Several things failed here, and we filed tasks for everything we could think of:

  • Both the author and the reviewer failed to notice the mistake (no task filed, because telling humans to make fewer mistakes doesn't work)
  • No errors were thrown when testing this code locally and in unit tests. On most local installs, and all unit tests runs, there is only one DB server, so getDBConnection( DB_REPLICA ) just returns the master connection. Daniel is working on a patch to make these connections (requested with DB_REPLICA but pointing to the master) refuse writes. This is T183242: DB handles obtained with DB_REPLICA should not allow writes.
  • When the code ran in beta, MW's database abstraction layer should have refused to send a write query to a server it knew to be a replica, but didn't. This is now fixed. The task for this is T183265: Write operations should fail on connections to database replicas., not sure why it's still open but there's an unmerged patch for it, so I'll go and review it.
  • The replica server in beta was somehow not set to read-only. I set it to read-only, and filed T183245: Ensure replica DB in labs is read-only for making sure that this doesn't happen in the future. (I also verified that all replicas in production are read-only.)

@Catrope thank you for the detailed post mortem!

I think the background here is not that this broke MCR

To clarify, I on my comment T183252#3853489 I didn't say or mean that MCR was broken or that MCR broke something, nor it was the comment about the breakage (of which I do not know much). Catrope postmortem should be added to T183232, as that seems to be the real isue, not here.
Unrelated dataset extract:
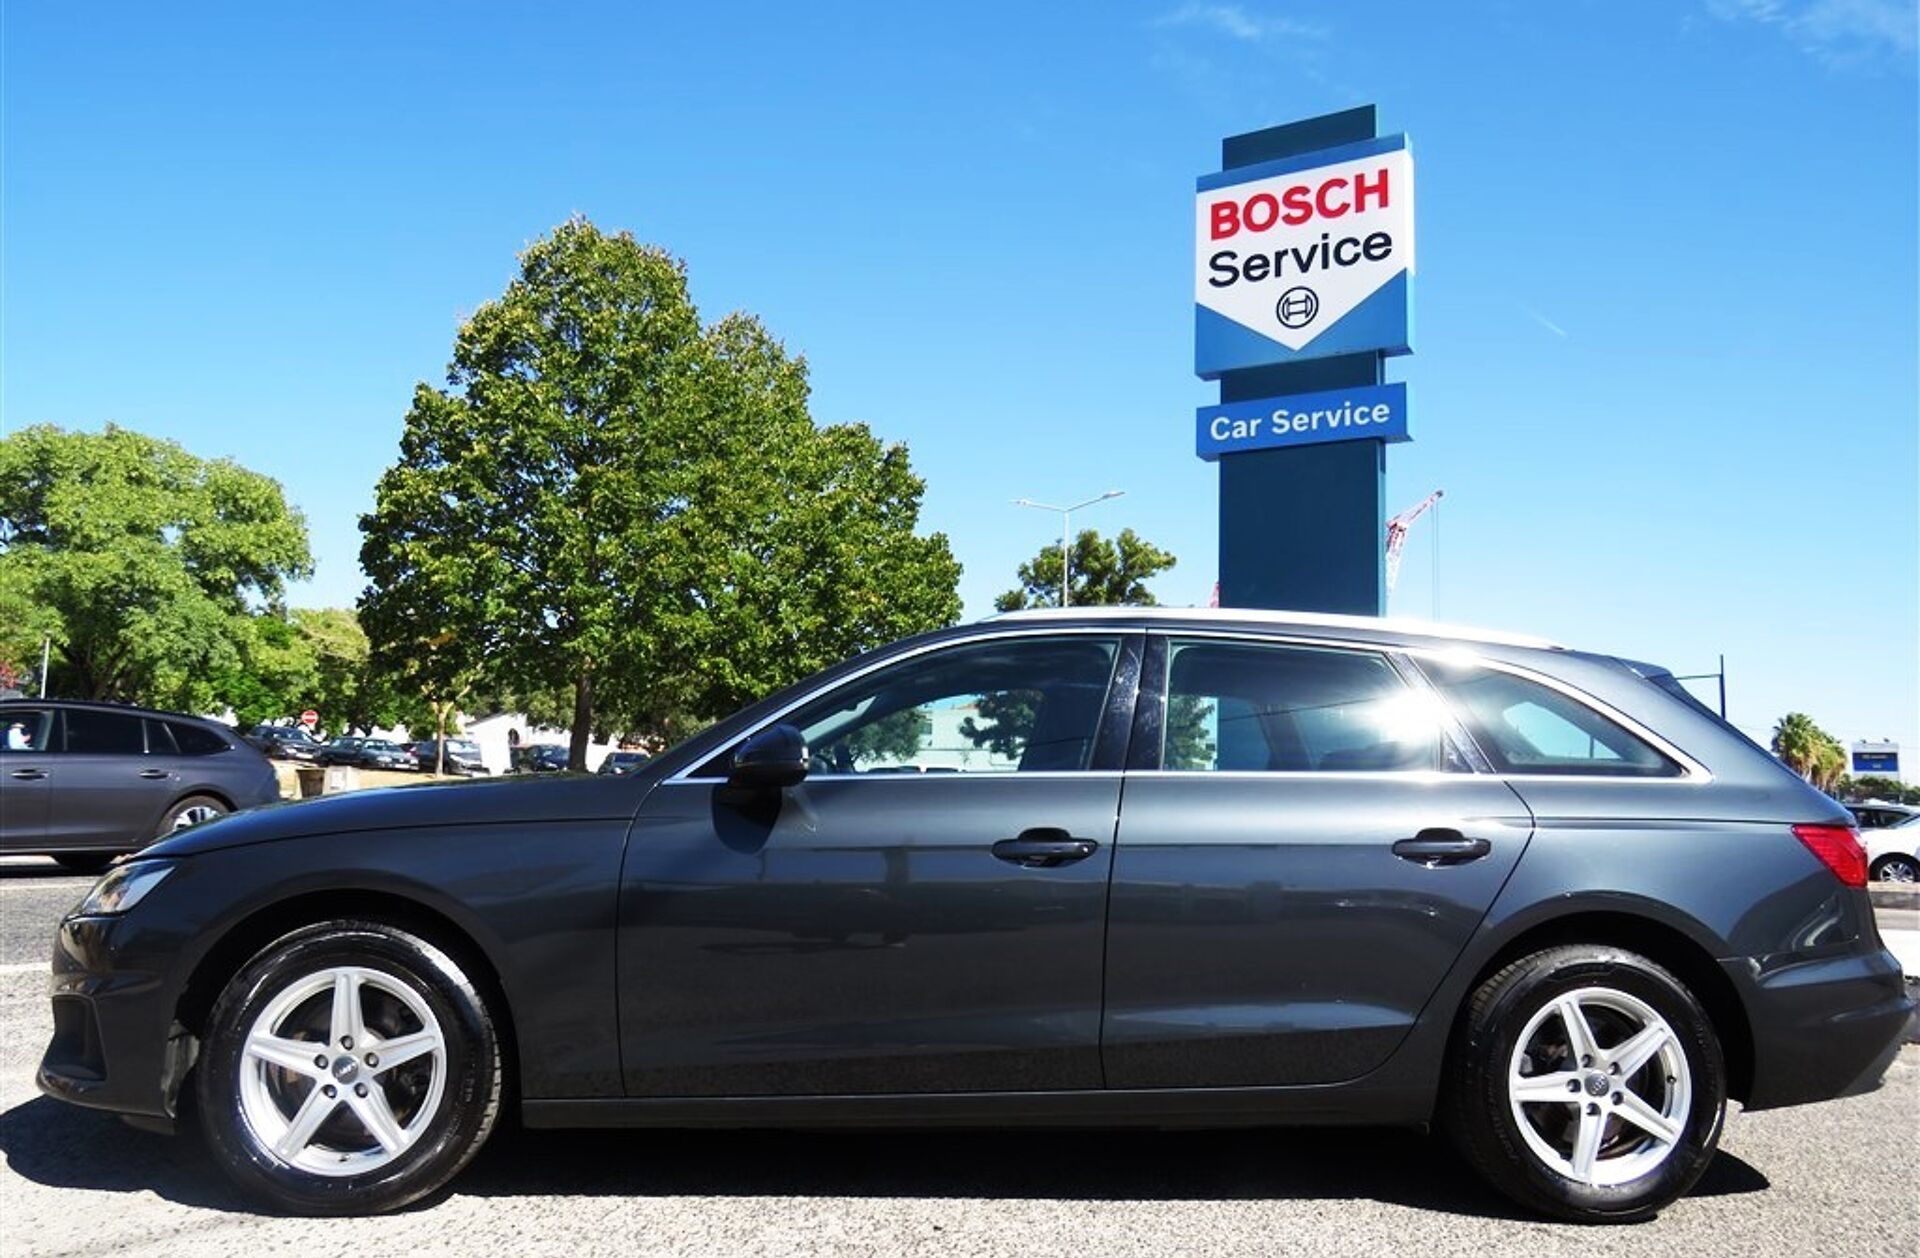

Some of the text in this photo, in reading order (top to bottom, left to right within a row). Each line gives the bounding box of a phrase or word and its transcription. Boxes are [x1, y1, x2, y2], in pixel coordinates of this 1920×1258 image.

My comment was specifically about the unbreakage, that more people should know how to clone a server and "suffer" it, and I commented above we have trained other people about it, and we are glad to train even more people, too. I only mentioned MCR because it seems to be a highly impacting change and definitely could use some extra backend (practical) knowledge. All people could benefit from being able to handle an environment such as beta, where there is not so many restrictions regarding permissions, or their own docker containers with full installations. That doesn't mean DBAs should not exist or we won't help, but being "too vertical" worries me, specially given the small resources some (most?) people have, which leads to blockers.

My comment was specifically about the unbreakage, that more people should know how to clone a server and "suffer" it, and I commented above we have trained other people about it, and we are glad to train even more people, too.

Are there any written docs on wikitech for the process that you are aware of?
I couldn't find any docs for the beta cluster specifically, but perhaps there are docs for prod?

BTW, let's move discussion to a separate ticket, this is technically closed.